Another deck Frank came up with was an Affinity list supporting Thopter Foundry. The idea was simple: run as many artifacts as possible, and don’t run stupid cards like Soul’s Fire because they will just make the deck inconsistent. Job Martens, a friend of Frank, played the deck and started out 5-0, but his drafts went pretty badly. For the record, here is his list:


On Saturday, during our testing weekend, we played a tournament with our gauntlet decks. We usually do that to get familiar with our deck and sideboarding. These were the first games we played after board, which was kind of awkward as obviously no one had thought about their sideboard before. Our Dredge deck, for example, was sideboarding fifteen cards against everything to avoid being wrecked by graveyard hate. I ran the UW Control deck, and I might have been the only one who had at least searched the internet for some sideboarding options. I ended up winning that tournament, getting a bye in round 1 as Frank was not interested in playing, beating Dredge and its awful sideboard in round 2, and beating Jan’s Elves in the finals.

Talk about good preparation… this isn’t it!

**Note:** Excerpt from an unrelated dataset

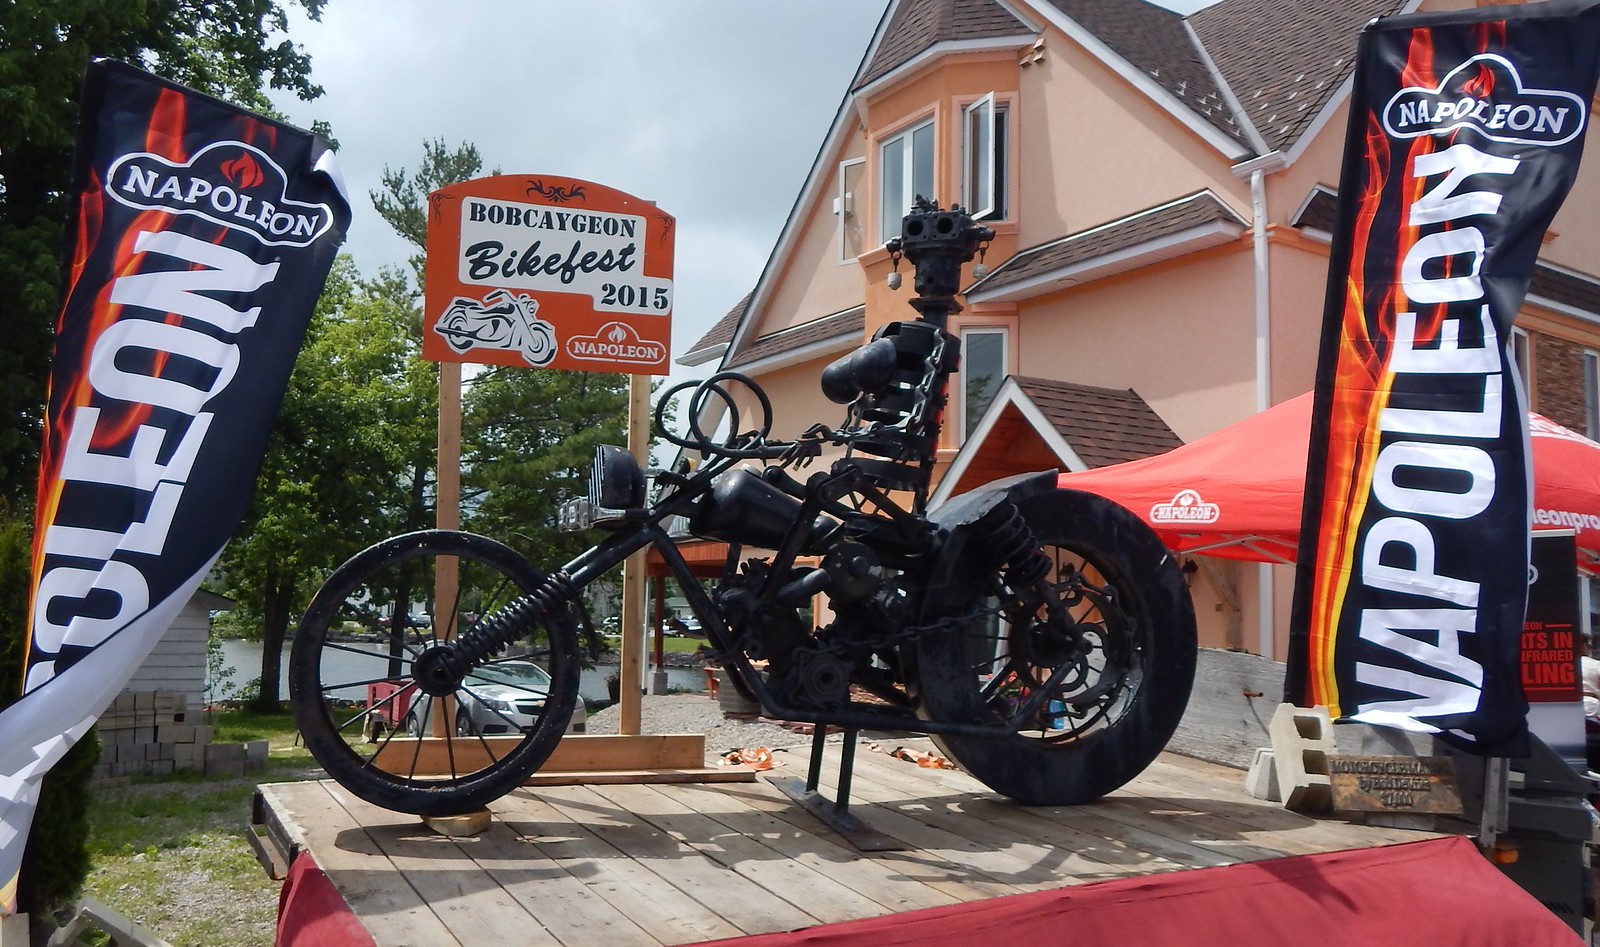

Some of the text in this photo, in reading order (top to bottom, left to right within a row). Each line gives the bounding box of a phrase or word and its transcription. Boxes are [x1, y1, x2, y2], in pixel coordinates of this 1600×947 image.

So, up until the Thursday before the Pro Tour, I had no idea what to play. I wanted to play Dark Depths, but at 11pm I changed my mind once again, as it was clear that everyone knew about the deck and they would be packing sideboard against it. I still had the UW Control deck which I had been tuning and tweaking for some time, so I went back to that as I thought it was a good choice if a lot of people would be running Zoo and Dark Depths. This is the list I ended up running at Pro Tour: Austin:


Boy, what was I thinking? I guess I was just hoping that I would only be paired against Zoo, Dredge, and Dark Depths, as my deck was just awful against almost everything else. For example, I had 13 cards (2 Chalice, 3 Threads, 2 Vedalken Shackles, 4 Path to Exile, and 2 Engineered Explosives) I needed to sideboard out against Tron, with only 4 Meddling Mage to replace them. In the mirror it was even worse, as I also had to sideboard out 3 Spell Snare there. Obviously I got paired against both, and on top of that I had to play against some weird Doran deck without any one- or two-drops, against which I had no sideboard at all (nice Threads and Spell Snares there…). Also, the deck definitely needed one maindeck Relic of Progenitus so I at least had a chance against Dredge game 1.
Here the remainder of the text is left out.